Bonjour,
Le mariage reste l'institution la plus protectrice du conjoint survivant. En effet, celui ci peut alors bénéficier en vertu de l'article 1094-1 du code civil des quotités spéciales permises entre époux (usufruit ou 1/4 pleine propriété et 3/4 usufruit ou quotité disponible ordinaire qui varie en fonction du nombre d'enfants qui est de 1/2 en présence d'un enfant, 1/3 en présence de deux enfants et 1/4 en présence de trois enfants et plus) De plus, il bénéficie des dispositions protectrices du droit au logement (art 763 et 764 du code civil).
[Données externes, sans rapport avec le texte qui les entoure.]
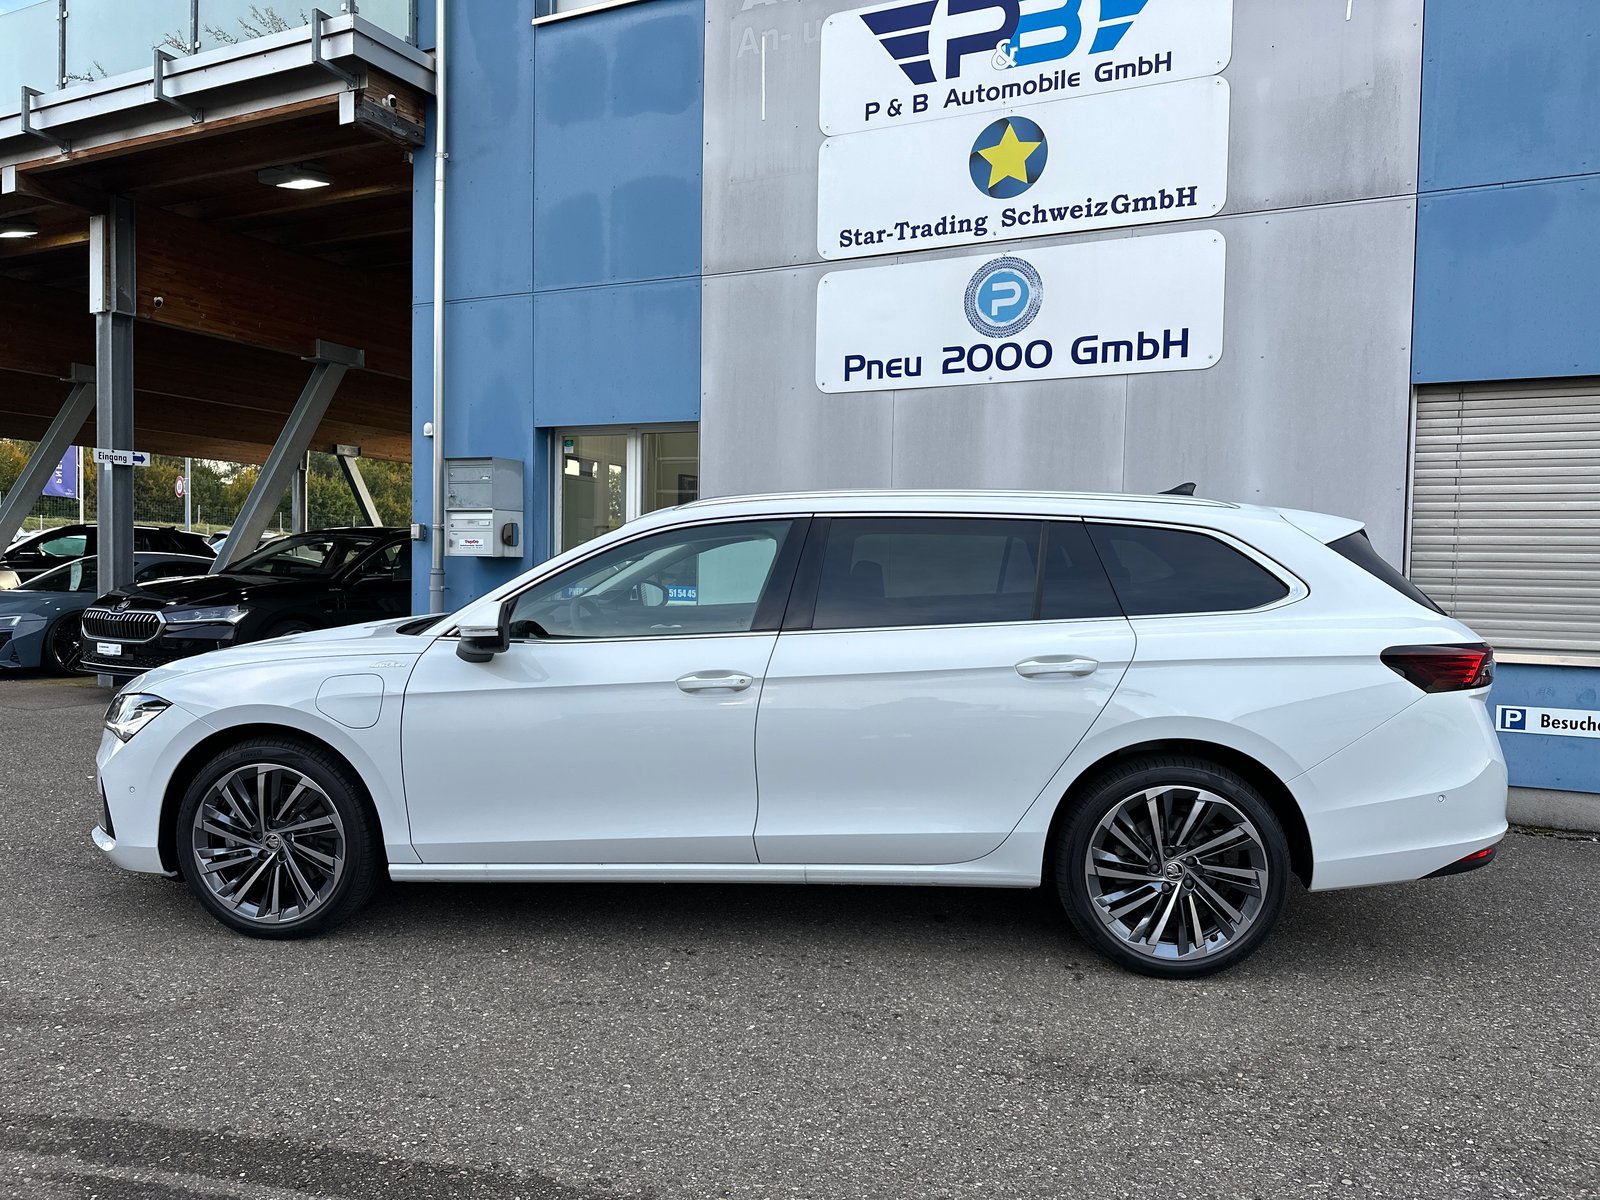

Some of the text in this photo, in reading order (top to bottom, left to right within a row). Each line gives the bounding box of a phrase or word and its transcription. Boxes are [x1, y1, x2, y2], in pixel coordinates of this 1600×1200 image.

[865, 50, 1173, 121] P & B Automobile GmbH
[838, 214, 988, 248] Star-Trading
[844, 327, 1191, 382] Pneu 2000 GmbH
[98, 451, 128, 463] Eingang
[668, 588, 697, 599] 51 54 45
[1540, 713, 1600, 732] Besuch
Par ailleurs, il est exonéré de droits de succession.
La communauté universelle avec clause d'attribution intégrale des biens communs au profit du conjoint survivant suppose un changement de régime matrimonial (acte notarié; éventuelle homologation par le tribunal en présence d'enfants mineurs ou d'enfants majeurs s'étant opposés au changement de régime de leurs parents). Ce régime est à proscrire en cas d'enfant non commun. Au décès du premier époux, le survivant recueille l'intégralité des biens de communauté et les enfants n'hériteront qu'au décès du deuxième époux sur ce qu'il aura conservé (risque de ne rien recevoir s'il a tout dépensé). Par ailleurs, les enfants ne profitent dans ce cas que s'un seul abattement fiscal de 156974 € au lieu de deux abattements de ce montant (une fois au décès du premier et une fois au décès du second).